Equateur : un pas vers la dépénalisation de l’euthanasie

8 Fév, 2024

Mercredi, la Cour constitutionnelle de l’Equateur a décidé qu’aucune « sanction (…) ne peut être appliquée à un médecin qui pratique une procédure d’euthanasie active afin de préserver les droits du patient à une vie digne et au libre développement de sa personnalité » (cf. En Italie, le Conseil de l’ordre des médecins lève les sanctions attachées à l’aide médicale à mourir).

En août, Paola Roldan, une femme de 43 ans atteinte de sclérose latérale amyotrophique (SLA), ou maladie de Charcot, avait engagé la procédure (cf. Maladie de Charcot : combiner « la technicité et l’humanité» au lieu de légaliser l’euthanasie). Elle demandait à la Cour de dire que l’article 144 du code pénal équatorien, punissant de 10 à 13 ans de prison l’homicide simple, ne s’applique pas en matière d’euthanasie. La Cour lui a donné raison.
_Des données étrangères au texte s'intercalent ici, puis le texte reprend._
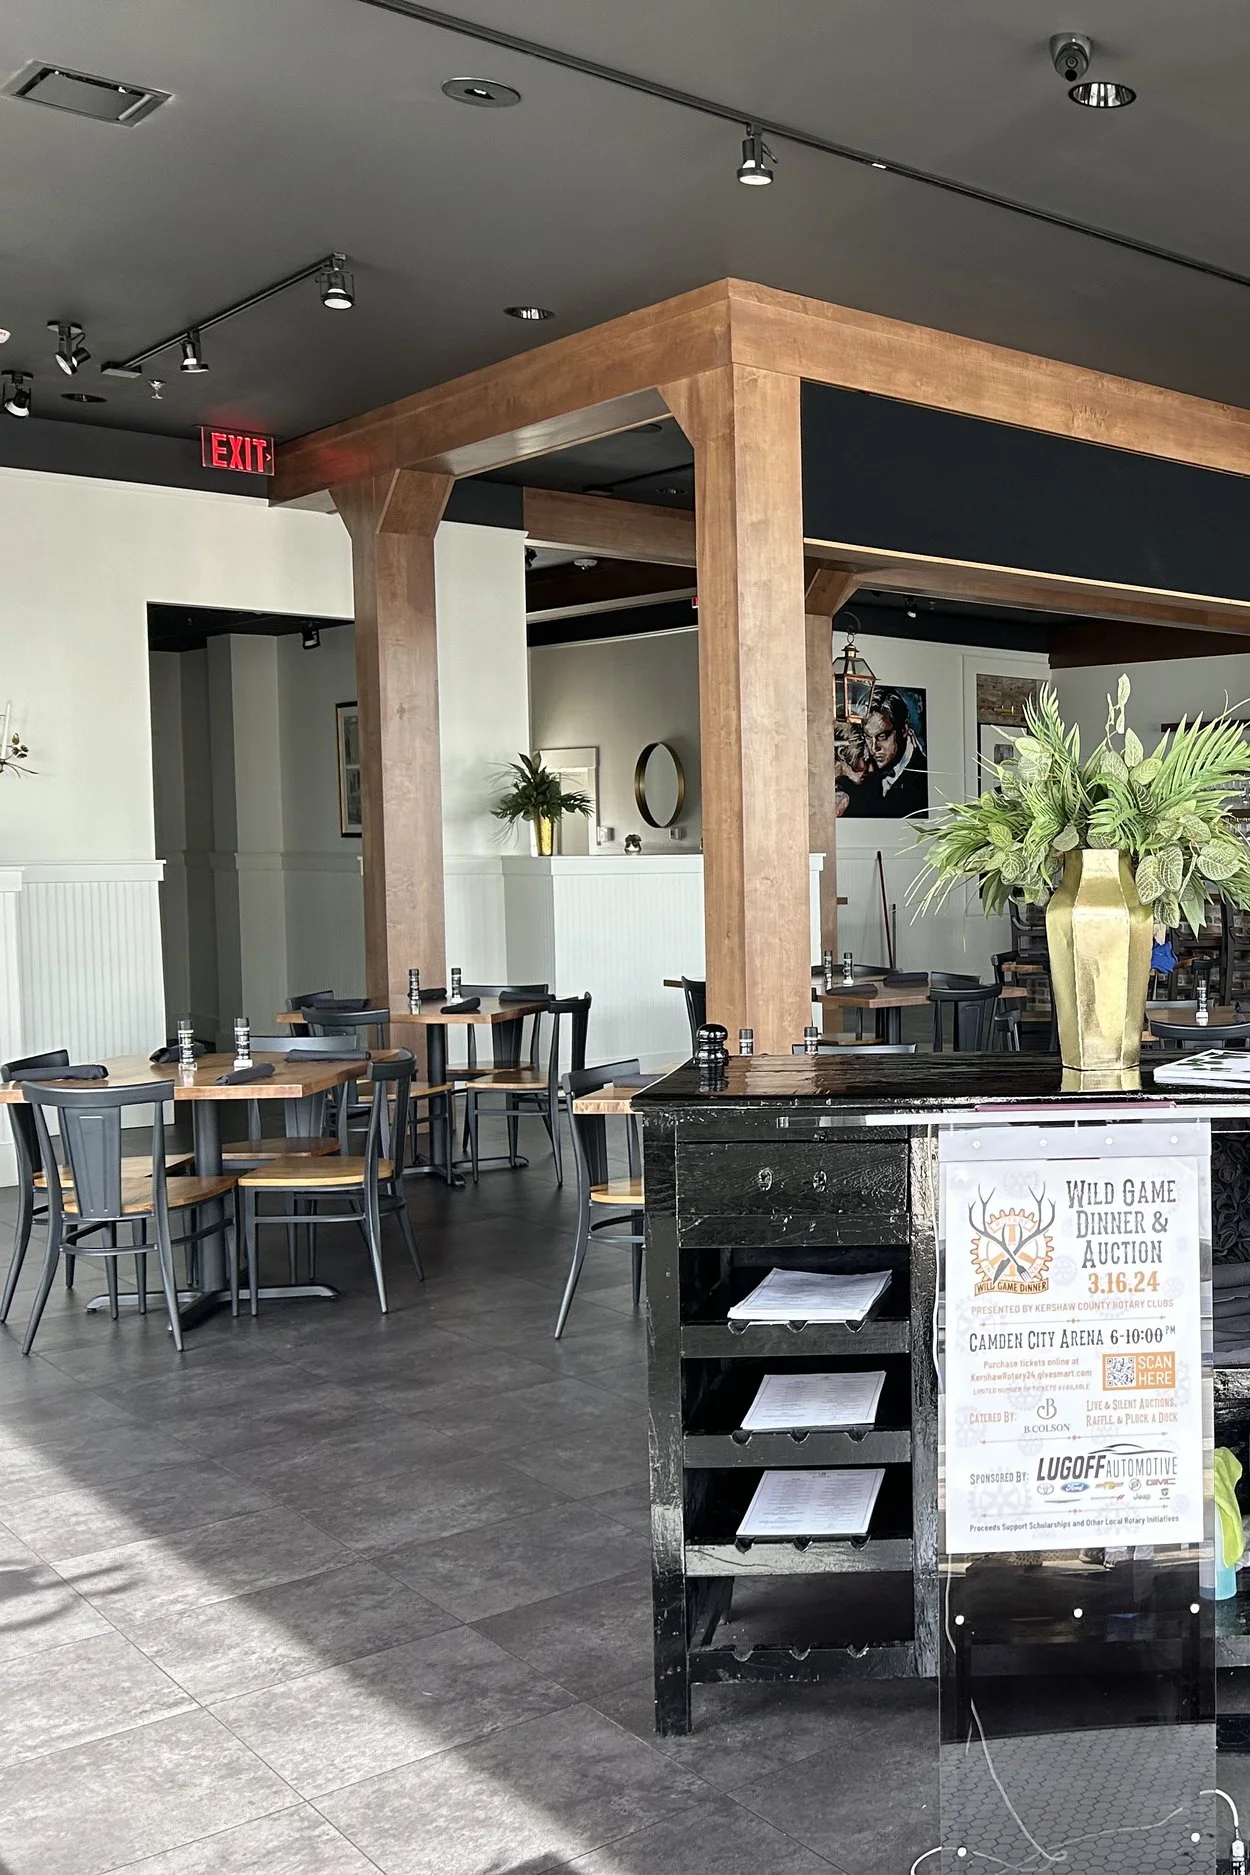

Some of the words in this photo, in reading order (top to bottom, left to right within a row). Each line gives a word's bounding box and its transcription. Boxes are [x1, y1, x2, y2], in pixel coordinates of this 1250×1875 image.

[211, 432, 267, 473] EXIT
[1066, 1180, 1114, 1208] WILD
[1122, 1179, 1176, 1207] GAME
[1076, 1210, 1145, 1238] DINNER
[1151, 1211, 1169, 1233] &
[1082, 1240, 1163, 1269] AUCTION
[997, 1282, 1018, 1291] GAME
[1019, 1282, 1047, 1292] DINNER
[1087, 1271, 1160, 1294] 3.16.24
[971, 1304, 1021, 1315] PRESENTED
[1022, 1304, 1033, 1314] BY
[1035, 1302, 1076, 1313] KERSHAW
[1077, 1301, 1111, 1311] COUNTY
[1112, 1300, 1146, 1310] ROTARY
[1147, 1299, 1174, 1309] CLUBS
[969, 1332, 1023, 1352] CAMDEN
[1027, 1330, 1055, 1350] CITY
[1059, 1329, 1104, 1349] ARENA
[1110, 1327, 1163, 1346] 6-10:00
[1165, 1325, 1176, 1335] PM
[983, 1360, 1018, 1369] Purchase
[1020, 1359, 1046, 1368] tickets
[1047, 1358, 1069, 1366] online
[1138, 1355, 1172, 1370] SCAN
[1138, 1370, 1173, 1386] HERE
[973, 1387, 996, 1395] LIMITED
[997, 1386, 1022, 1394] NUMBER
[1032, 1384, 1056, 1392] TICKETS
[1057, 1383, 1091, 1391] AVAILABLE
[1086, 1399, 1102, 1412] LIVE
[1104, 1400, 1111, 1410] &
[1112, 1398, 1137, 1411] SILENT
[969, 1412, 1001, 1424] CATERED
[1003, 1411, 1017, 1423] BY:
[1116, 1413, 1123, 1425] &
[1125, 1412, 1150, 1424] PLUCK
[1151, 1412, 1157, 1423] A
[1158, 1411, 1178, 1423] DUCK
[1036, 1454, 1106, 1482] LUGOFF
[1105, 1456, 1178, 1478] AUTOMOTIVE
[970, 1472, 1014, 1485] SPONSORED
[1015, 1470, 1029, 1483] BY:
[1146, 1478, 1176, 1486] GMC
[1065, 1483, 1085, 1493] Ford
[969, 1524, 1000, 1532] Proceeds
[1001, 1523, 1028, 1531] Support
[1029, 1520, 1071, 1530] Scholarships
[1072, 1519, 1085, 1527] and
[1086, 1518, 1104, 1527] Other
[1105, 1517, 1123, 1525] Local
[1124, 1516, 1145, 1525] Rotary
[1146, 1515, 1179, 1524] Initiatives
Selon les magistrats, « tout être humain peut prendre des décisions libres et éclairées lorsque son développement personnel est affecté », ce qui comprend « la possibilité de mettre fin à des souffrances intenses causées par une atteinte corporelle grave et irréversible ou par une maladie grave et incurable ».

La Cour ajoute que le ministère de la Santé devra « élaborer un règlement pour les processus d’euthanasie active » « dans un délai de deux mois ». En outre, elle appelle « le Bureau du médiateur à rédiger un projet de loi dans un délai de six mois » et l’Assemblée nationale à « en débattre et l’approuver dans un délai d’un an » (cf. Fin de vie : Cuba légalise l’euthanasie).

Ces décisions ont été adoptées avec 7 voix pour et 2 voix contre.

Selon Farith Simon, l’un de des avocats de Paola Roldan, l’arrêt de la Cour constitutionnelle est « d’application immédiate ». Ramiro Avila, un autre avocat, ajoute que la patiente pourra obtenir de mourir « quand elle le considérera opportun ».